AN: AHAHAHAHA…this chapter took a while because I didn't really know how to go about Megumi tutoring Misao or and I was anxious about my rusty math/probability skills. Gah…oh well. I think this chapter was a little bit boring, but not that it matters too much. Next chapter it gets interesting—really interesting.

OH and what animal would you associate with Aoshi?????

That is very important!!!!!!

HELLLLP!

Next Chapter: A Rabid Tanuki's Secret

Asuka-chan—Thank you very much for the black jack tip and I'm glad you like this story…I was going for something…original and I'd never seen this done.

Kitsune—XD…I updated…happy? I'll see you in global tomorrow morning and we can sneeze and hate Dostoyevsky together.

Neko-Kitsune-gumi—Does it really? Oh well…it was the only way I could really stick her in the story without it being too weird…eventually I thought of a cool subplot involving her and Kenshin so it worked out because this fic is more Misao/Aoshi geared…but not really.

t.anjel—I DID!!! YAY!!!

Annihilation—I like the pen name…and I was honored that you thought I should continue.
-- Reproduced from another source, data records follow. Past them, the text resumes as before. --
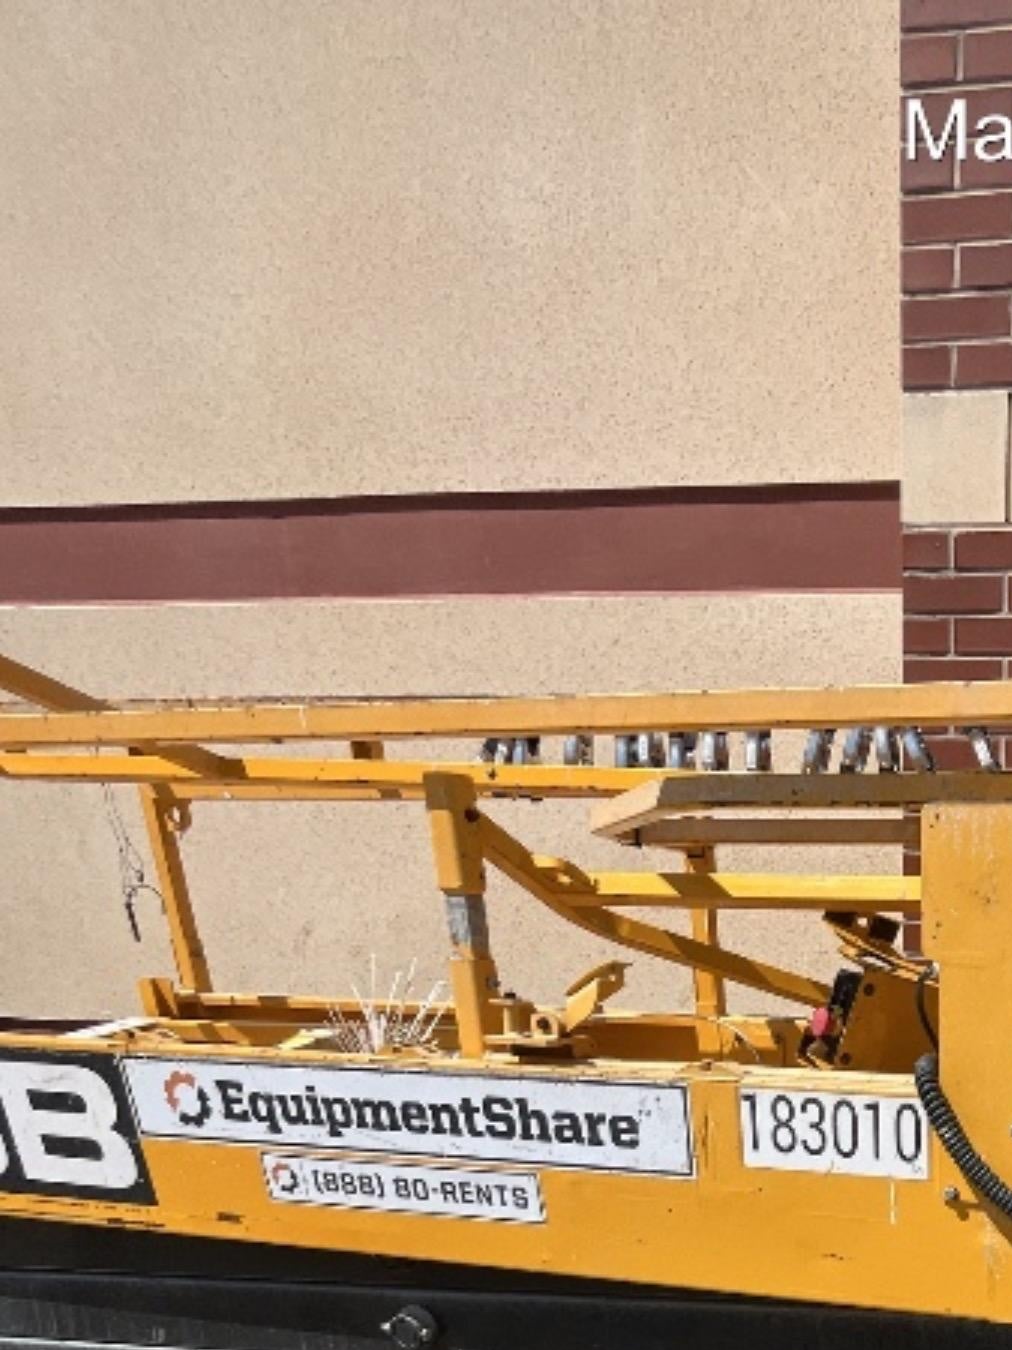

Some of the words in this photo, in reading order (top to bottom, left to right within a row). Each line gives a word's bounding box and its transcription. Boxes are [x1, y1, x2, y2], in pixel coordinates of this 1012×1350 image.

[215, 1079, 642, 1149] EquipmentShare
[742, 1094, 924, 1163] 183010
[312, 1168, 385, 1197] (888)
[394, 1176, 529, 1210] 80-RENTS
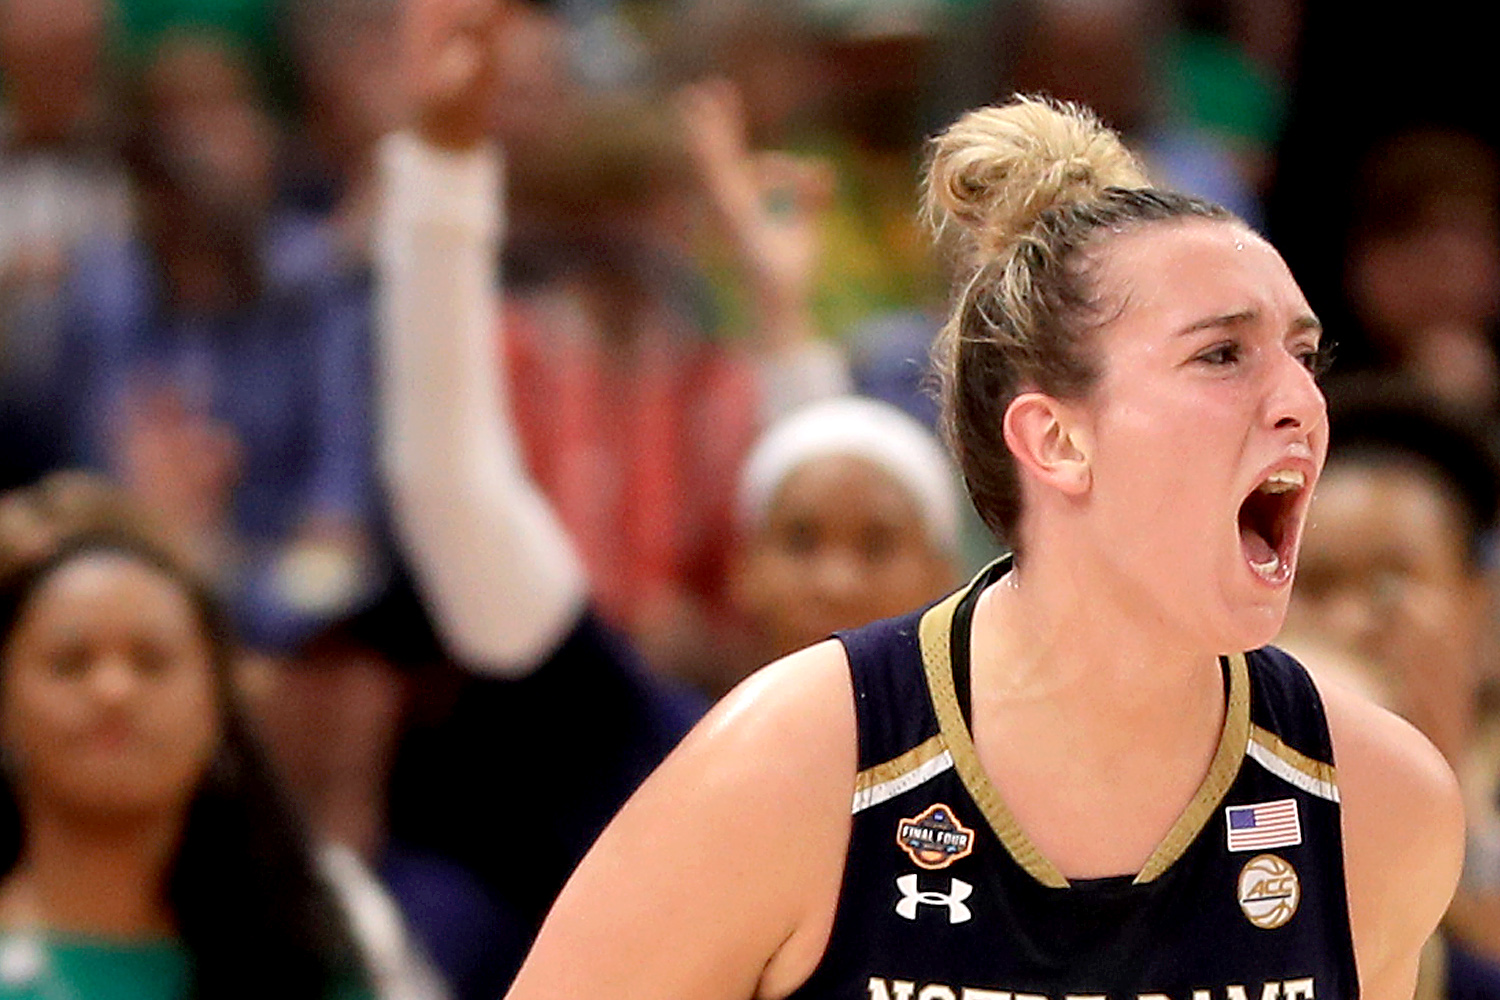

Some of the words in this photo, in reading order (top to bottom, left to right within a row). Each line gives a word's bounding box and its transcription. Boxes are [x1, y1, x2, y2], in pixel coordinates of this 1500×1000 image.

[902, 825, 934, 844] FINAL
[936, 831, 968, 848] FOUR
[1247, 876, 1295, 897] ACC
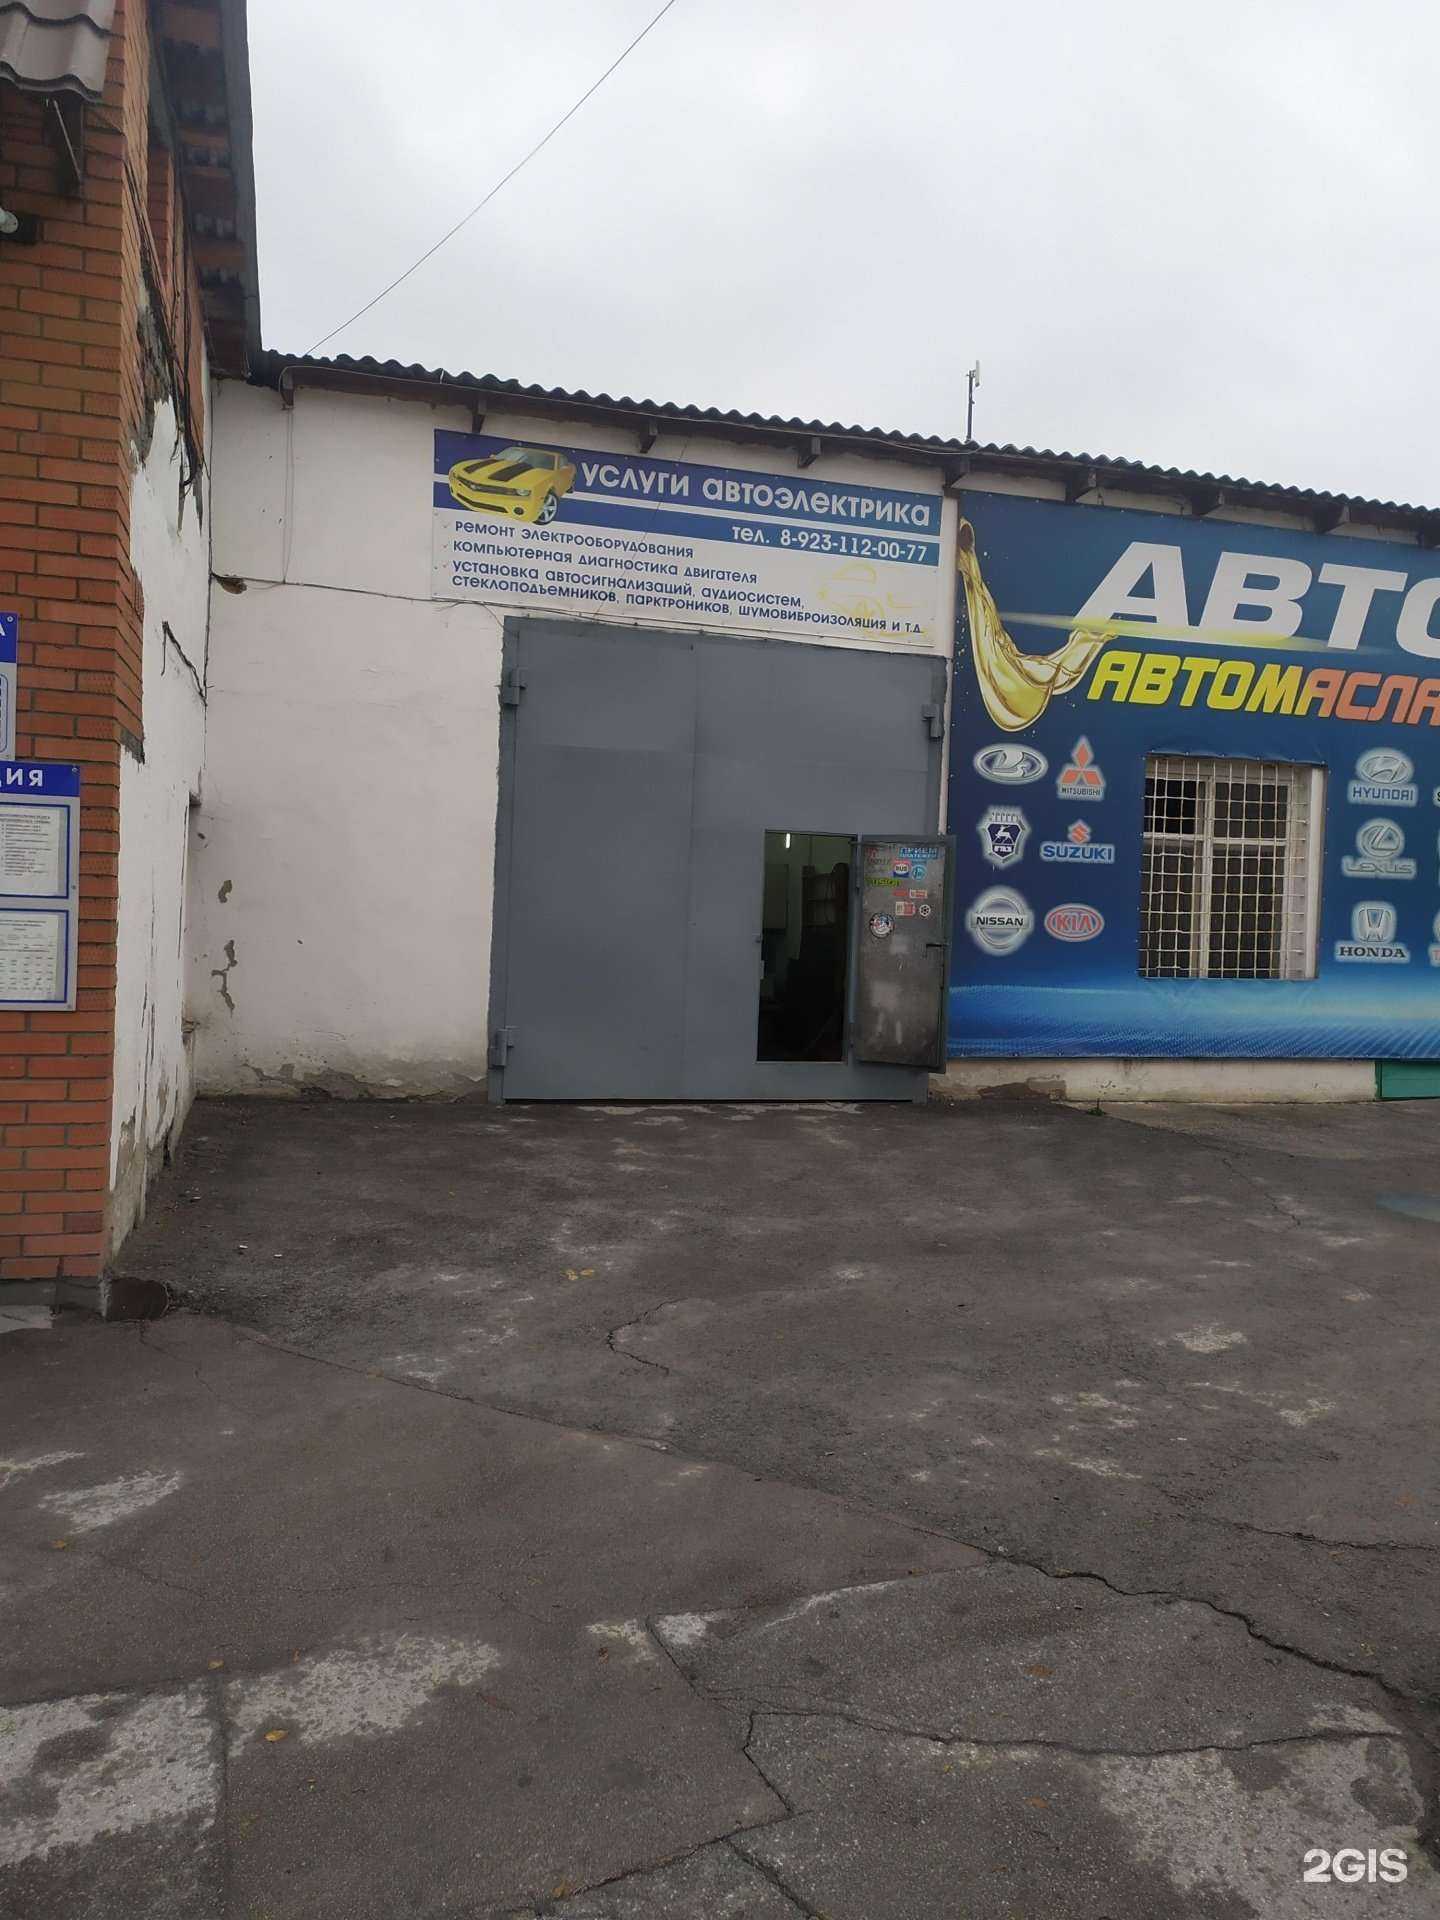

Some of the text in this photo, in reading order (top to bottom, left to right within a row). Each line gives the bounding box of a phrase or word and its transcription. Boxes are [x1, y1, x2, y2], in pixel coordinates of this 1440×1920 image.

[581, 462, 930, 527] услуги автоэлектрика
[455, 520, 694, 558] ремонт электрооборудования
[732, 525, 928, 562] тел. 8-923-112-00-77
[452, 560, 539, 580] установка
[453, 540, 757, 584] компьютерная диагностика двигателя
[738, 605, 886, 631] шумовиброизоляция
[892, 621, 900, 632] и
[0, 767, 43, 786] ИЯ
[1061, 786, 1101, 796] MITSUBISHI
[1352, 786, 1413, 801] HYUNDAI
[1043, 845, 1112, 861] SUZUKI
[1347, 862, 1412, 874] LEXUS
[976, 916, 1024, 926] NISSAN
[1055, 913, 1092, 932] KIA
[1339, 946, 1406, 958] HONDA
Ashcandy—its 118 dollars per yen…and I hate dry ups almost as much as people who can crank out good fic chapters every week…I always take too long…

ChunkyMunky241—Of course…the weasel and the fox will definitely run into Aoshi and Sano ^_~ as well as an appearance by a red haired dragon.

Himura Kamiya Kaoru—XD okay okay…I continued…your enthusiasm really inspires me sometimes…X)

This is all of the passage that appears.